Disputes invoking the liability of lawyers for professional negligence in Bulgaria are rarely reported. The small numbers make it difficult to derive robust conclusions about the long-term trends in the associated jurisprudence.
Without the benefit of statistical power, there is received wisdom. This is that Bulgarian courts’ first instinct is to reject claims for damages issued against lawyers, and that they do so whenever the alleged loss cannot be shown to be either solely or overwhelmingly related to the conduct of the lawyer. In this way, lawyers avoid liability in Bulgarian law except in the most blatant and egregious of situations of misfeasance.
In connection with a high-value claim against a well-known regional legal practice on behalf of an international client, NBLO’s dispute-resolution team conducted a survey of recent cases in which claimants had sought to allege fault or negligence on the part of an advocate, and found that the following devices served to either limit or negate fully an advocate’s liability:
- The claimants could not show the closest causal connection between the lawyer’s alleged act or omission and the loss
- The scope of the lawyer’s duty was found by the court to be limited – for instance, by a finding that the lawyer had not expressly agreed or otherwise been placed under a duty in advance to undertake a specific action
- By findings that the alleged loss was ultimately connected to the Court’s discretion rather than that of the lawyer
- Where the allegation was that the lawyer had not performed a specific procedural step but he or she could credibly counter that he or she had, at the relevant time, considered the step as contrary to the client’s interests, at that particular time (at the same time, the court tends to give a very wide margin of appreciation as to what qualifies as in a client’s interests).
Still, there are, albeit rarely, cases where Bulgarian judges find advocates liable. This will come as a relief to claimants who feel very strongly that the relative immunity from delict of professionals in Bulgaria and specifically, that enjoyed by allegedly wrongdoing lawyers, is unfair and counterproductive.
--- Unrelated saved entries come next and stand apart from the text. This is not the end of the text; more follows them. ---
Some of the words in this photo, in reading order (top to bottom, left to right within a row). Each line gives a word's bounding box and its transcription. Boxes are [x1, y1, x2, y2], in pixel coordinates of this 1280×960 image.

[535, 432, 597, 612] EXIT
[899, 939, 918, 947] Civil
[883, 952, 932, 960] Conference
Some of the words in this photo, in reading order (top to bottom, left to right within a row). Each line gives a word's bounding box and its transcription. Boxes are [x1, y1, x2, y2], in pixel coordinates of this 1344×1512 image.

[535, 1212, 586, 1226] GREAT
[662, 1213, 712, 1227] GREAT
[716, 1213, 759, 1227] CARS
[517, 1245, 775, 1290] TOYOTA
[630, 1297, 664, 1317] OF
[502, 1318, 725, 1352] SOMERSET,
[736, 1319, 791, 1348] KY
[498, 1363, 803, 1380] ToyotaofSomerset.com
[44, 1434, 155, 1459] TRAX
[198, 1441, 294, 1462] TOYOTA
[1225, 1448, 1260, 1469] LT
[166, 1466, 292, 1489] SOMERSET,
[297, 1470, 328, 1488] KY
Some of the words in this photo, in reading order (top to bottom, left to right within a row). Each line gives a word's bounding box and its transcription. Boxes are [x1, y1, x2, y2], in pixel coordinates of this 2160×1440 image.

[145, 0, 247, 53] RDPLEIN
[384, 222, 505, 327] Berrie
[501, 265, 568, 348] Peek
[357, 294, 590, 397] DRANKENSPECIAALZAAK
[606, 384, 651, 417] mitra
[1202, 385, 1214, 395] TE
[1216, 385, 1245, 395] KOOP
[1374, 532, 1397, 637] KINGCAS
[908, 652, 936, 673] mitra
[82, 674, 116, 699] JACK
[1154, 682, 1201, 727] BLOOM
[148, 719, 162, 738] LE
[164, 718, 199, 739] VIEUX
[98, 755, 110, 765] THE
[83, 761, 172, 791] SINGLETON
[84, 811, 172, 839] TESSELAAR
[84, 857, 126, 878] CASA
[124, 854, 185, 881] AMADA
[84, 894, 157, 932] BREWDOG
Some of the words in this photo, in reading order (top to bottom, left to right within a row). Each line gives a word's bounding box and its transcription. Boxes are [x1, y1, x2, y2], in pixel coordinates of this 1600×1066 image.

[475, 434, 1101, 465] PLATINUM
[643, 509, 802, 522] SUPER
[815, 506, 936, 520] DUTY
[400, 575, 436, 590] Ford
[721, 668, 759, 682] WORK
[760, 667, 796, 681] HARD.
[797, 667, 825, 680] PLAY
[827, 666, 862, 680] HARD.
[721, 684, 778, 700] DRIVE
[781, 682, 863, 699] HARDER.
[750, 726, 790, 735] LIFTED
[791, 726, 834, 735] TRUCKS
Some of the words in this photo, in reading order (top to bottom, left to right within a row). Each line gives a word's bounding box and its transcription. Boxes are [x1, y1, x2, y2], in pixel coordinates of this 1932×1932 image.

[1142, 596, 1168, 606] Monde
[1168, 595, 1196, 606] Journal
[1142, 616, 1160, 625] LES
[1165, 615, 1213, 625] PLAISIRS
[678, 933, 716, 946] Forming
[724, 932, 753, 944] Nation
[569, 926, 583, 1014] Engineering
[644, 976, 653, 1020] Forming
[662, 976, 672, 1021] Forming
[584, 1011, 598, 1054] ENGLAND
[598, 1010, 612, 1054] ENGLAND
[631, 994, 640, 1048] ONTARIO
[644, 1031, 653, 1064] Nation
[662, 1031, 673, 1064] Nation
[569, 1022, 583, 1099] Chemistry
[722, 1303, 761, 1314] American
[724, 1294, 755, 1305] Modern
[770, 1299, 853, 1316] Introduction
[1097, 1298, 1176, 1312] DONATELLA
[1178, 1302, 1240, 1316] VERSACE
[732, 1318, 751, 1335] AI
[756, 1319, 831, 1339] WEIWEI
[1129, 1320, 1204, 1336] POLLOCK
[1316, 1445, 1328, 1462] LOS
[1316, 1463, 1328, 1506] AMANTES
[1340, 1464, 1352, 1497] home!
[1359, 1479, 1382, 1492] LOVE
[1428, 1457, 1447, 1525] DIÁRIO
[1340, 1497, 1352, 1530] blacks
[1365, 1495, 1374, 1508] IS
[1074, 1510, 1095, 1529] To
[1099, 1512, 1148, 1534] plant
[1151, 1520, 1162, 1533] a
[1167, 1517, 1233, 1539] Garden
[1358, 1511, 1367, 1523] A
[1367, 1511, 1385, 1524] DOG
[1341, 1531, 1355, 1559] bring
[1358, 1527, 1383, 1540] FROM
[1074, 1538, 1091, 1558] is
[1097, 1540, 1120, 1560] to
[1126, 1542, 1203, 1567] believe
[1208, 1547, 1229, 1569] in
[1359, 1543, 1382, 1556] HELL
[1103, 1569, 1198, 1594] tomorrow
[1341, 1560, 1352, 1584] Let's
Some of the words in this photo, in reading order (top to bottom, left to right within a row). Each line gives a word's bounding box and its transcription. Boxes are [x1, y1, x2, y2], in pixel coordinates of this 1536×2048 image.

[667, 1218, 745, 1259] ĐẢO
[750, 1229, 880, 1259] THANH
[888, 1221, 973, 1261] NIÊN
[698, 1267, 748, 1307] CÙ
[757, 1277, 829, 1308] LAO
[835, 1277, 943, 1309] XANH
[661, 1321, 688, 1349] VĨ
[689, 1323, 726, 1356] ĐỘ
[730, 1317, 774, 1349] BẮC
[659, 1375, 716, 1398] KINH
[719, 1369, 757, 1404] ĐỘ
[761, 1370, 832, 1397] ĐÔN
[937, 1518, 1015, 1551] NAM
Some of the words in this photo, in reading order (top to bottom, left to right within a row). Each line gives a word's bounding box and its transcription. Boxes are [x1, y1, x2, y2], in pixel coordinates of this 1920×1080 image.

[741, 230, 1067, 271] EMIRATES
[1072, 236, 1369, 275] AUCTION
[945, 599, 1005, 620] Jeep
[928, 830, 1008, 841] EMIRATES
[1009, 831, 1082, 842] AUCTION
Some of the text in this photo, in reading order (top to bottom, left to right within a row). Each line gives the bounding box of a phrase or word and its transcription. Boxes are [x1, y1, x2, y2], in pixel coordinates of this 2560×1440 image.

Case 227 of 23 August 2013 of the Supreme Court of Cassation was a case of a positive finding of liability. In it, the Supreme Court took the opportunity to describe the boundaries of an advocate’s liability. Firstly, in describing the attorney’s standard of care, the Supreme Court stated this to be greater than that required of a careful owner and even greater than of a careful business person since, according to the Court, the Advocacy Act imposed an especially exigent requirement on advocates to act lawfully in the interest of the client in the best possible manner (the first part of this would resemble the fiduciary nature of lawyers’ duties familiar to English and American lawyers).
Secondly, in the Supreme Court’s analysis, an advocate had to protect all (key?) items of a client’s legal position. If the defence of a claim against the client fails because of the absence of a minimum level of care, the lawyer can be held liable for all damages flowing from the omission or act.
Perhaps however, it was the egregiousness of the failures of the advocate in the case that were the most significant element behind the finding.
The advocate had repeatedly made statements to his client which were subsequently shown as false. These were to the effect that an important court document had been filed, where it had in fact not. The misleading statements were in writing (even if the writing was in the form of text messages, a relatively unorthodox form of writing in the eyes of Bulgarian courts) and therefore more likely to meet the high evidential requirements. This falsity had resuled in the client losing the opportunity to engage in the proceedings properly before its actions had become time-limited and the consequent financial loss had inexorably followed.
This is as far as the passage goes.